Terzo stralcio della carta di Murano, probabilmente parte di un atlas o isolario pubblicato in pochi esemplari (una ventina) e poi smembrato nei secoli successivi. Questo estratto sarà l’occasione per parlarvi della Basilica di San Donato ma anche dell’omonimo ponte o “ponte dei tuffi” e di altre curiosità muranesi.

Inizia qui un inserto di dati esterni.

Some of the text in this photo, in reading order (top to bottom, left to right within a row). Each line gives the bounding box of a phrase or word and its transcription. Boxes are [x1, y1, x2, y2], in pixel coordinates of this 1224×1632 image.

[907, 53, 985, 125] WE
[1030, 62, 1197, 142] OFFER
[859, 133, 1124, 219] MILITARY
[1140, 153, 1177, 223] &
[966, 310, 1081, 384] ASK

Cominciamo dalla Basilica dei Santi Maria e Donato (San Donà), perché ad essa è legata una delle pergamene più antiche conservate a Venezia: custodita nell’archivio patriarcale, è un documento dell’anno 999 in cui il parroco muranese Michele Monetario prestava giuramento di fedeltà al vescovo di Torcello. Quella dell’epoca (anno 999!) non era ancora la basilica attuale (edificata nel XII° secolo), e si chiamava semplicemente Santa Maria di Murano: la denominazione di “San Donato” venne aggiunta nel 1125, quando le spoglie del Santo vennero trasportate a Venezia da Cefalonia (isole ionie) e donate a Murano, che per ospitarne le reliquie fece costruire un grande altare. Il passo successivo fu la costruzione della basilica che possiamo tuttora ammirare: sul pavimento della navata centrale, nel più piccolo dei cinque cerchi iscritti in un riquadro decorato con figure di pavoni e grifoni, è tuttora visibile l’iscrizione latina con l’anno 1141 (data di completamento della basilica che da quel Santo prese il suo “secondo” nome). A titolo di confronto fra la Murano del 1600 e la sua struttura attuale, la mappa che segue può essere di aiuto.

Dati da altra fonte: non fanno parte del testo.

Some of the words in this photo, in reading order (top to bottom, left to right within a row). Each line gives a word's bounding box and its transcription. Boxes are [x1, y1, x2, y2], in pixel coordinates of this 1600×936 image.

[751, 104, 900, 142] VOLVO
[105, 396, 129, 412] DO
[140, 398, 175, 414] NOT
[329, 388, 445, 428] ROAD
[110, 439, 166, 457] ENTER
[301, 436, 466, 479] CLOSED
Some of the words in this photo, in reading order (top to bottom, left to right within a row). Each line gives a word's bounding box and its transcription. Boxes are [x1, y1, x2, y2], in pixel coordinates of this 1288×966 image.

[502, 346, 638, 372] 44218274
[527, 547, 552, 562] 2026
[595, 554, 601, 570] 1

La prima differenza che balza all’occhio è la strada chiamata “rio terà San Salvador” laddove nel Seicento c’erano ancora un canale (rio terà = rio interrato) e quella che si ritiene essere stata la chiesa più antica dell’isola (San Salvador, demolita nel 1834). ll canale a nord dell’isola porta ancora il nome di Santa Maria, e corre parallelo a quello di San Donato nella parte che dà sulla Fondamenta Santi. A nord di quella che era la chiesa di San Bernardo (costruita sul punto più alto dell’isola, che tuttora offre riparo ai pedoni in caso di acque alte eccezionali) non c’era quasi nulla, e l’area su cui sorgono i campi sportivi (di cui l’isola va giustamente fiera) era ancora da costruire. Lo stesso dicasi, ovviamente, per le “sacche” ricavate dai materiali di risulta e successivamente rese edificabili (Sacca Serenella in particolare).

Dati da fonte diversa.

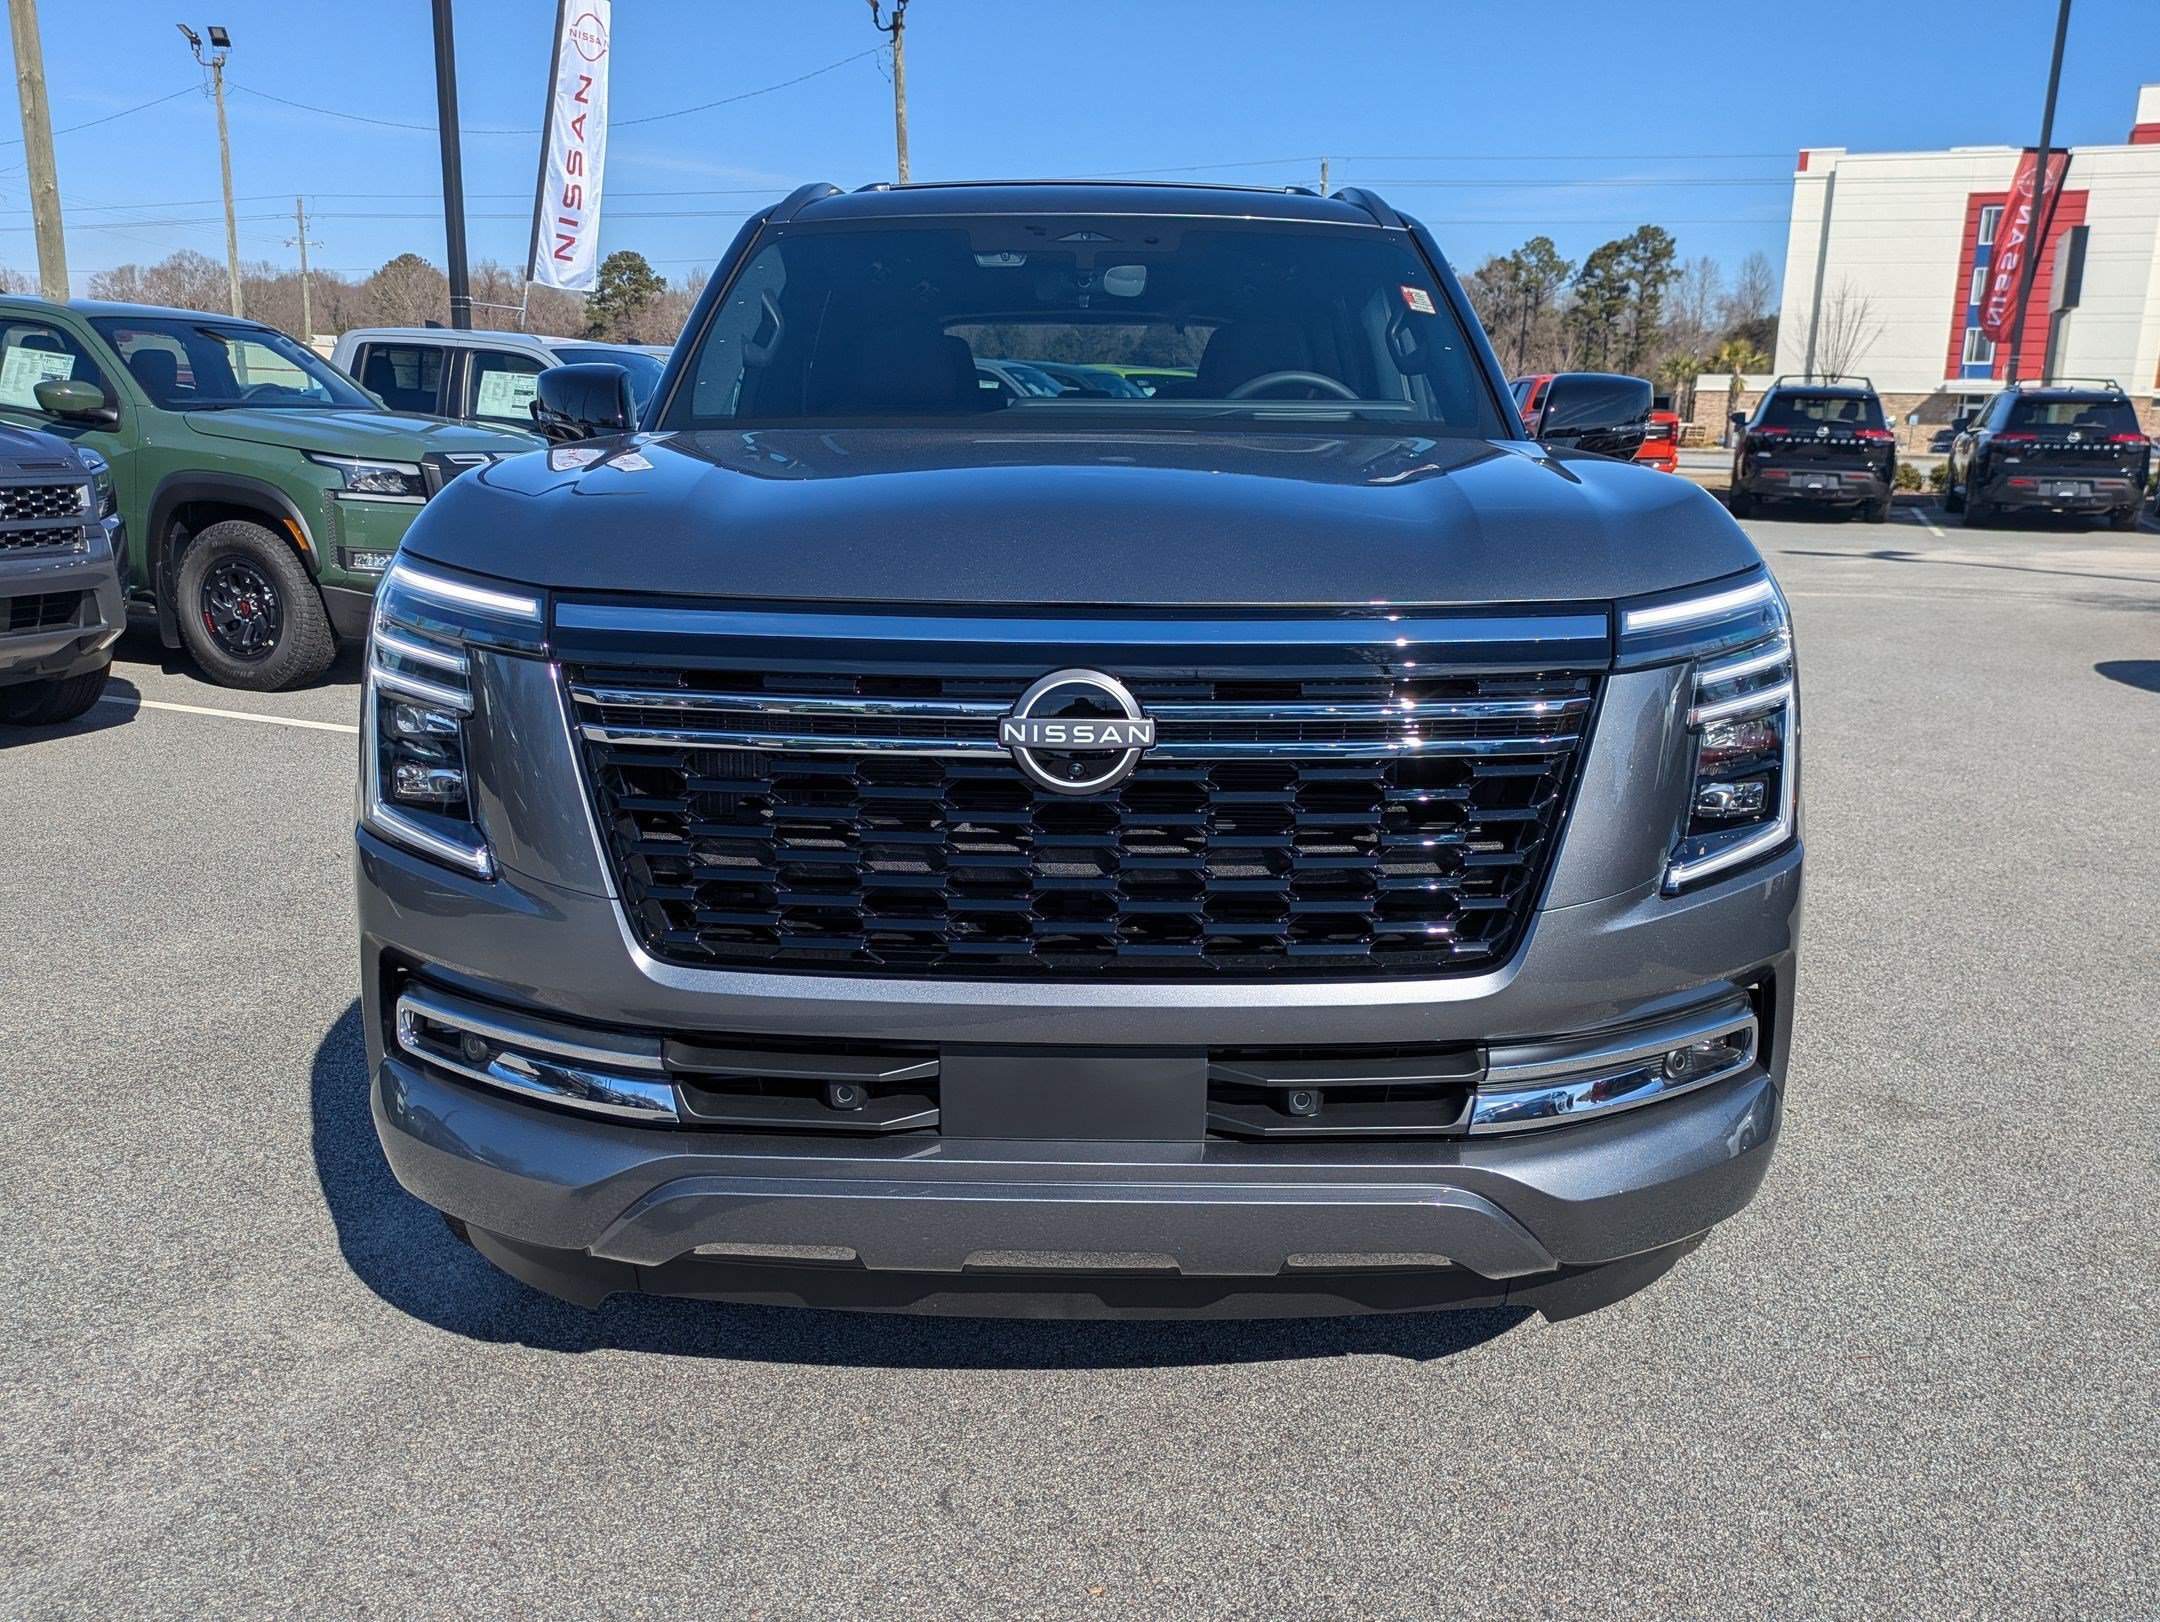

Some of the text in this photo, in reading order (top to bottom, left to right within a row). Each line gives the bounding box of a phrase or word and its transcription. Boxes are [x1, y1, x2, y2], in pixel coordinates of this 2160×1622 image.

La struttura delle fondamenta che si affacciano sul primo tratto del canale di San Donato (Navagero e Giustinian) è invece molto simile a quella che era 4 secoli fa, anche se alcuni degli edifici dell’epoca sono stati nel frattempo rimaneggiati, e uno venne purtroppo demolito nel XIX° secolo: là dove ora c’è una parete cieca, a destra della prossima foto, sorgeva infatti il Palazzo della Ragione, sede del Podestà che amministrava l’isola ai tempi della Serenissima! Dell’epoca d’oro sopravvivono comunque (oltre a Palazzo Giustinian, sede del Museo del vetro), Palazzo Trevisan e Palazzo Cappello (sulla sinistra, nella prossima foto) mentre Palazzo Paoletta (il primo a sinistra) è di costruzione tardo settecentesca.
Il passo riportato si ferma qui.